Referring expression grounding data
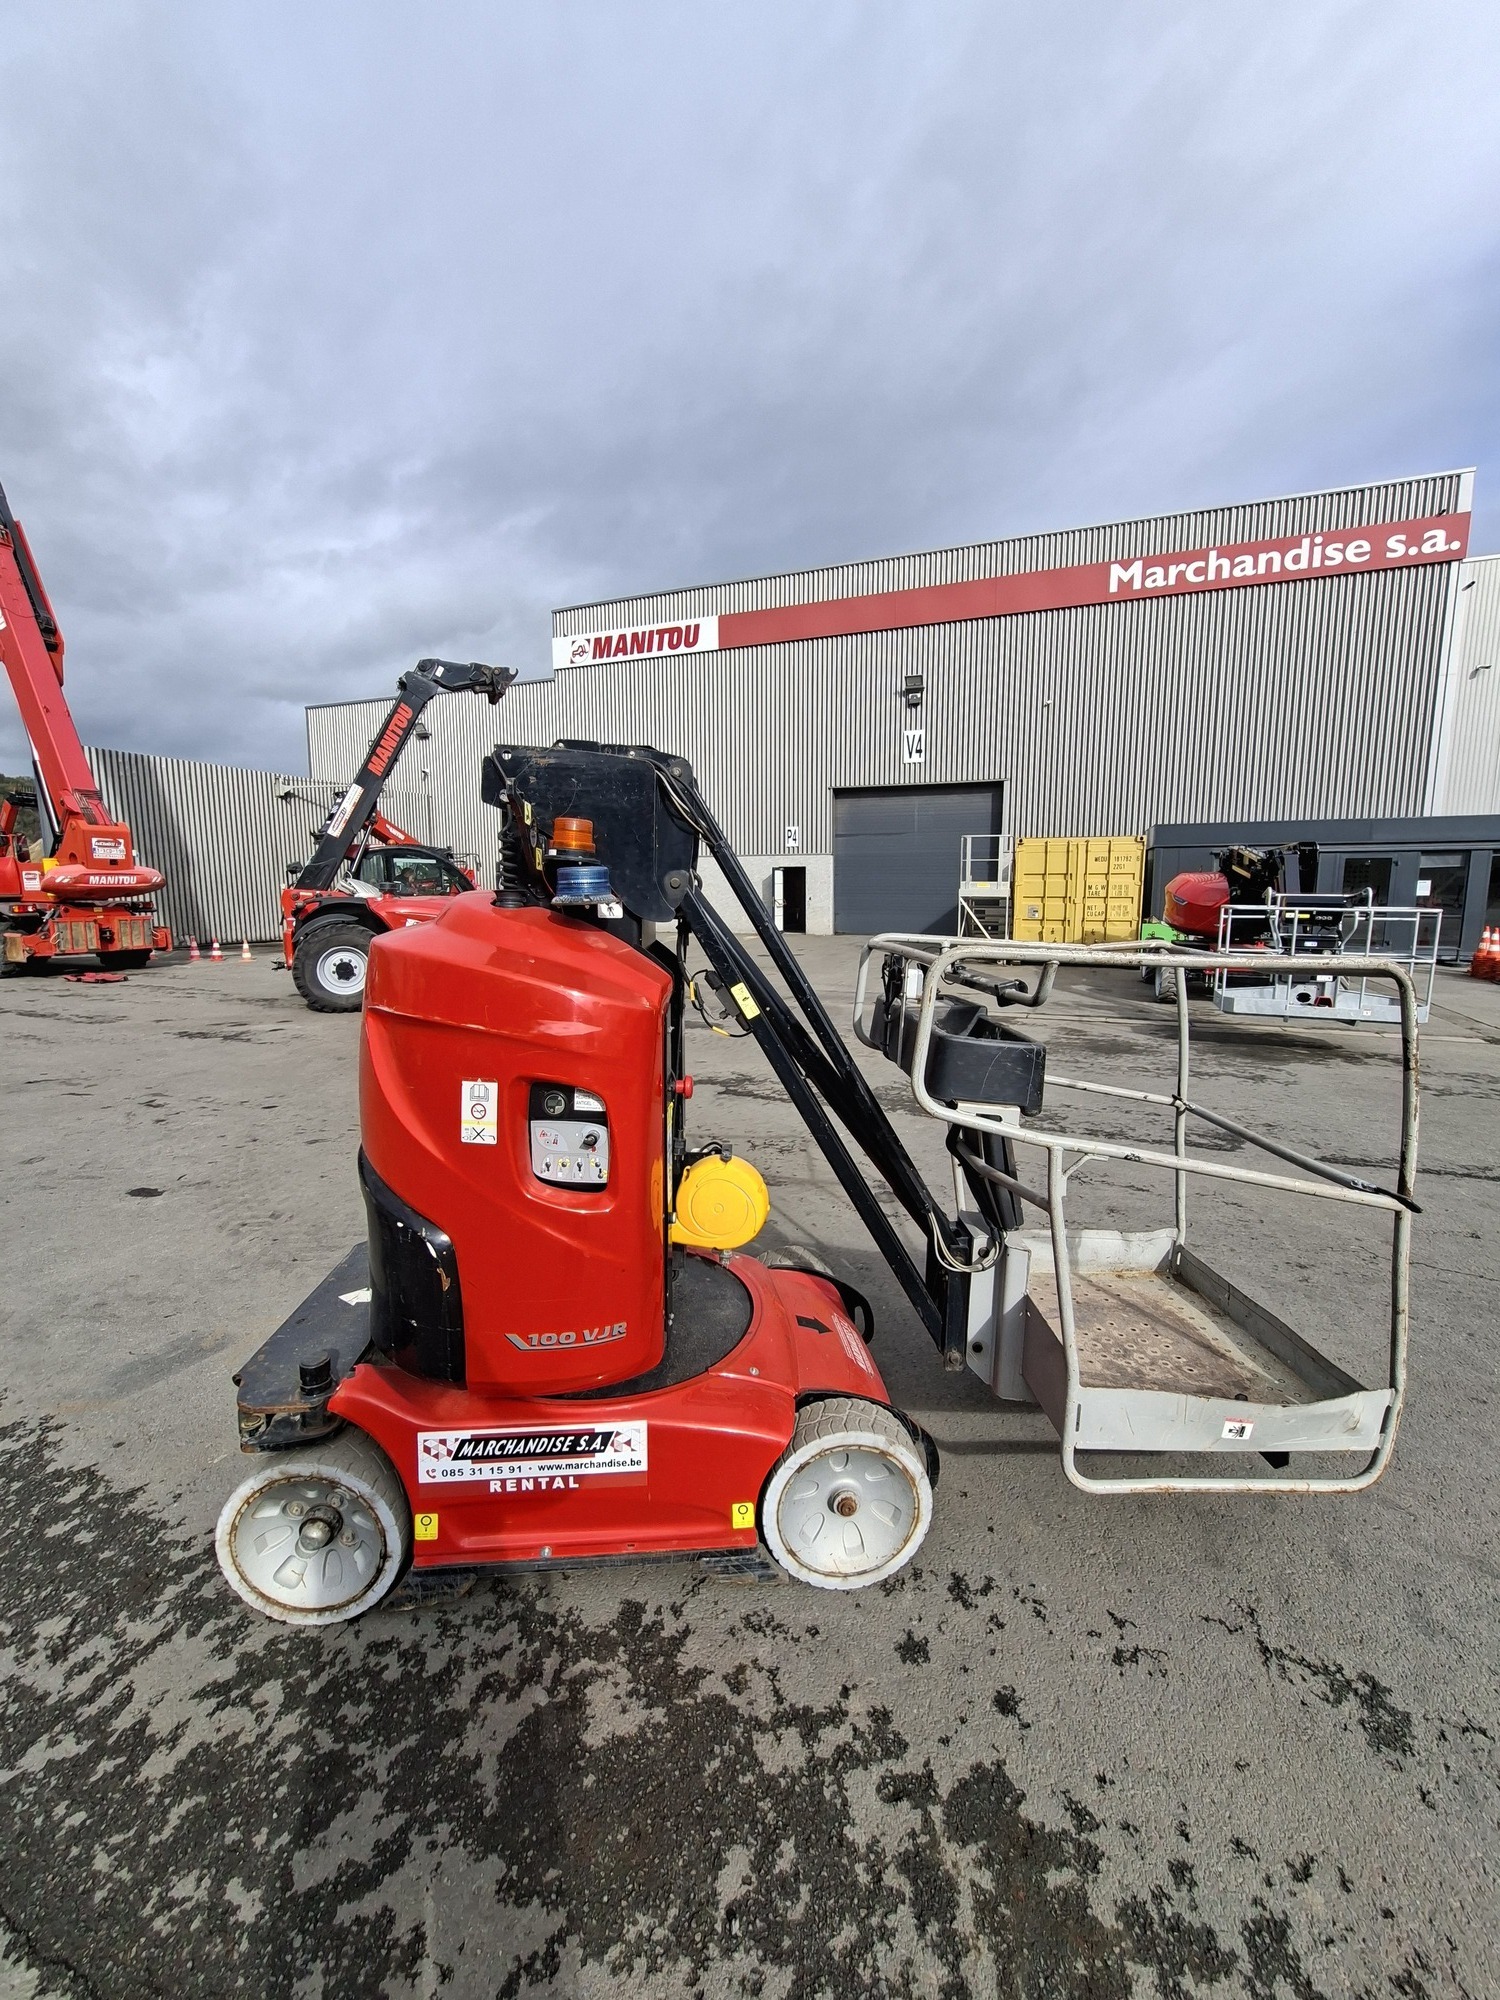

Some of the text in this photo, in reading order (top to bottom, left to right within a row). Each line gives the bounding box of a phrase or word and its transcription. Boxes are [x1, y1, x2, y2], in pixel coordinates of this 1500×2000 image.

[1108, 527, 1462, 593] Marchandise s.a.
[592, 623, 700, 660] MANITOU
[367, 702, 413, 777] MANITOU
[906, 734, 923, 759] V4
[787, 829, 797, 844] P4
[89, 875, 137, 885] MANITOU
[528, 1321, 627, 1346] 100 VJR
[458, 1435, 606, 1458] MARCHANDISE S.A.
[441, 1458, 642, 1478] 085 31 15 91 www.marchandise.be
[489, 1476, 580, 1493] RENTAL
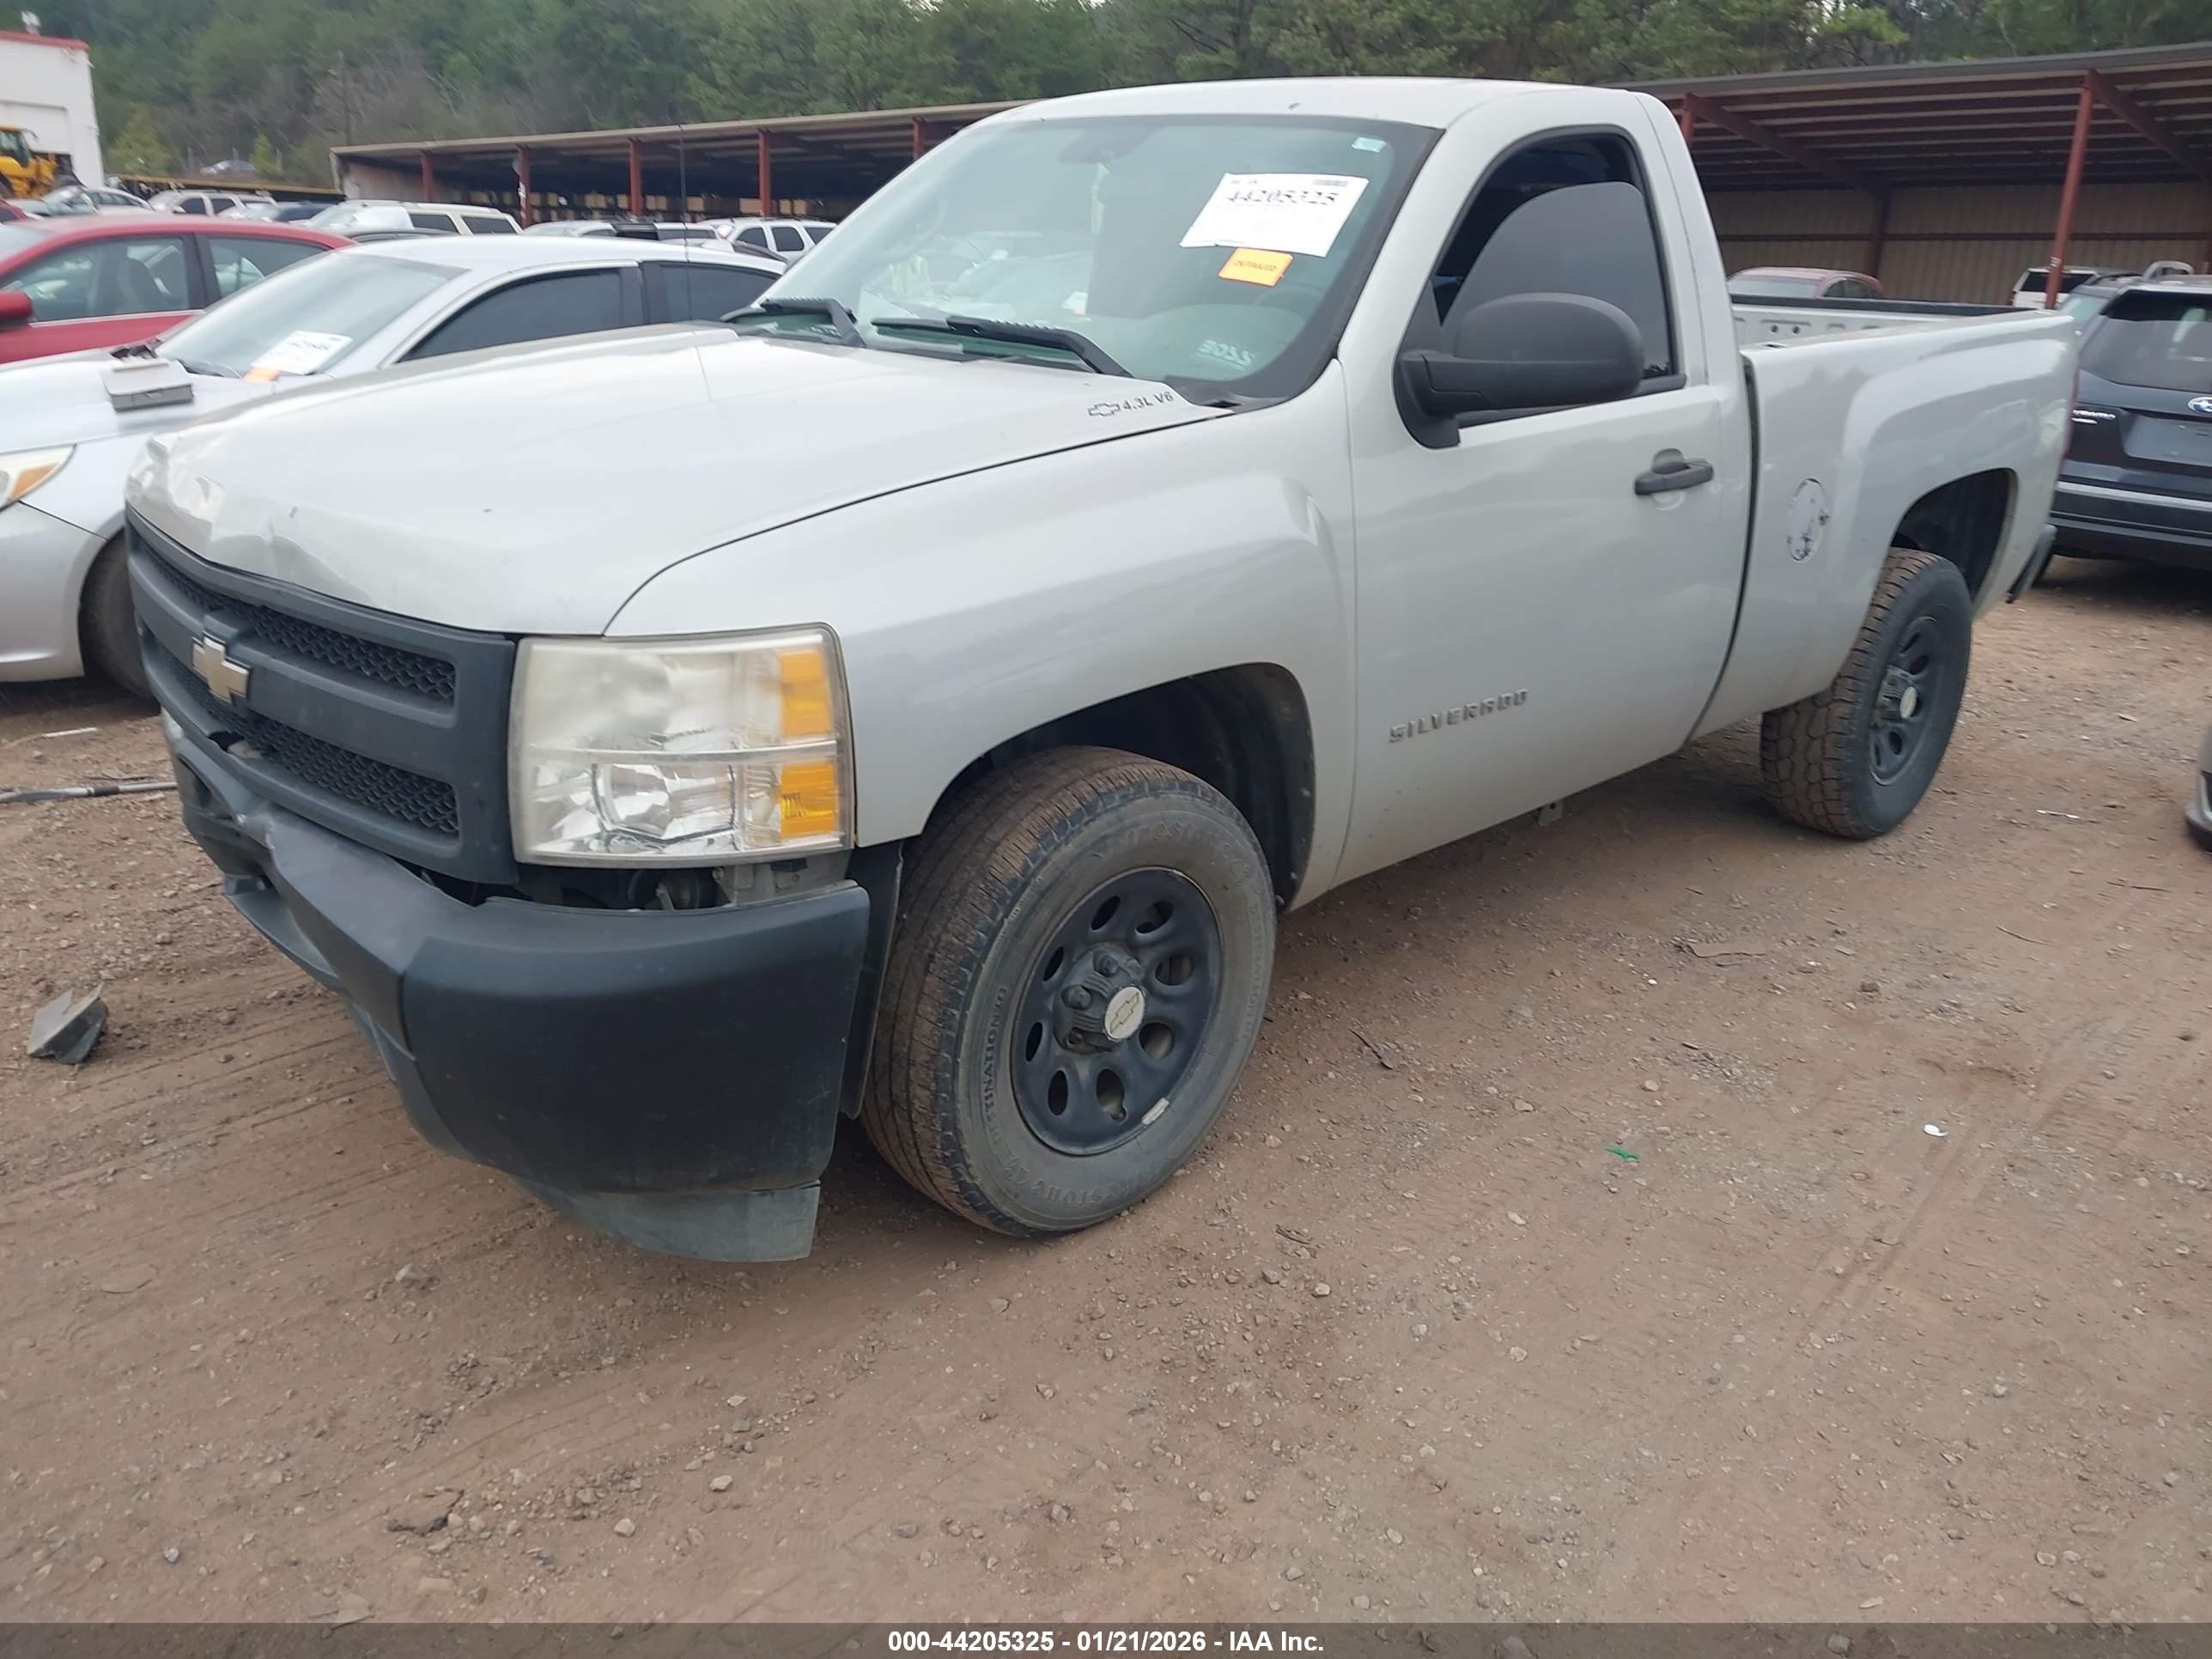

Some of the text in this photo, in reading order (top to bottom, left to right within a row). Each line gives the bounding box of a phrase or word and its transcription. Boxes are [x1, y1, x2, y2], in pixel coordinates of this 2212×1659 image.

[1121, 391, 1175, 411] 4.3L V6
[1389, 688, 1528, 744] SILVERADO

Problem requirements
Each line above should be printed again exactly, though the pictures should not be.

Reply to the task
Some of the text in this photo, in reading order (top to bottom, left to right within a row). Each line gives the bounding box of a phrase or word and its transcription. Boxes are [x1, y1, x2, y2], in pixel coordinates of this 1500×2000 image.

[1108, 527, 1462, 593] Marchandise s.a.
[592, 623, 700, 660] MANITOU
[367, 702, 413, 777] MANITOU
[906, 734, 923, 759] V4
[787, 829, 797, 844] P4
[89, 875, 137, 885] MANITOU
[528, 1321, 627, 1346] 100 VJR
[458, 1435, 606, 1458] MARCHANDISE S.A.
[441, 1458, 642, 1478] 085 31 15 91 www.marchandise.be
[489, 1476, 580, 1493] RENTAL

Some of the text in this photo, in reading order (top to bottom, left to right within a row). Each line gives the bounding box of a phrase or word and its transcription. Boxes are [x1, y1, x2, y2], in pixel coordinates of this 2212×1659 image.

[1121, 391, 1175, 411] 4.3L V6
[1389, 688, 1528, 744] SILVERADO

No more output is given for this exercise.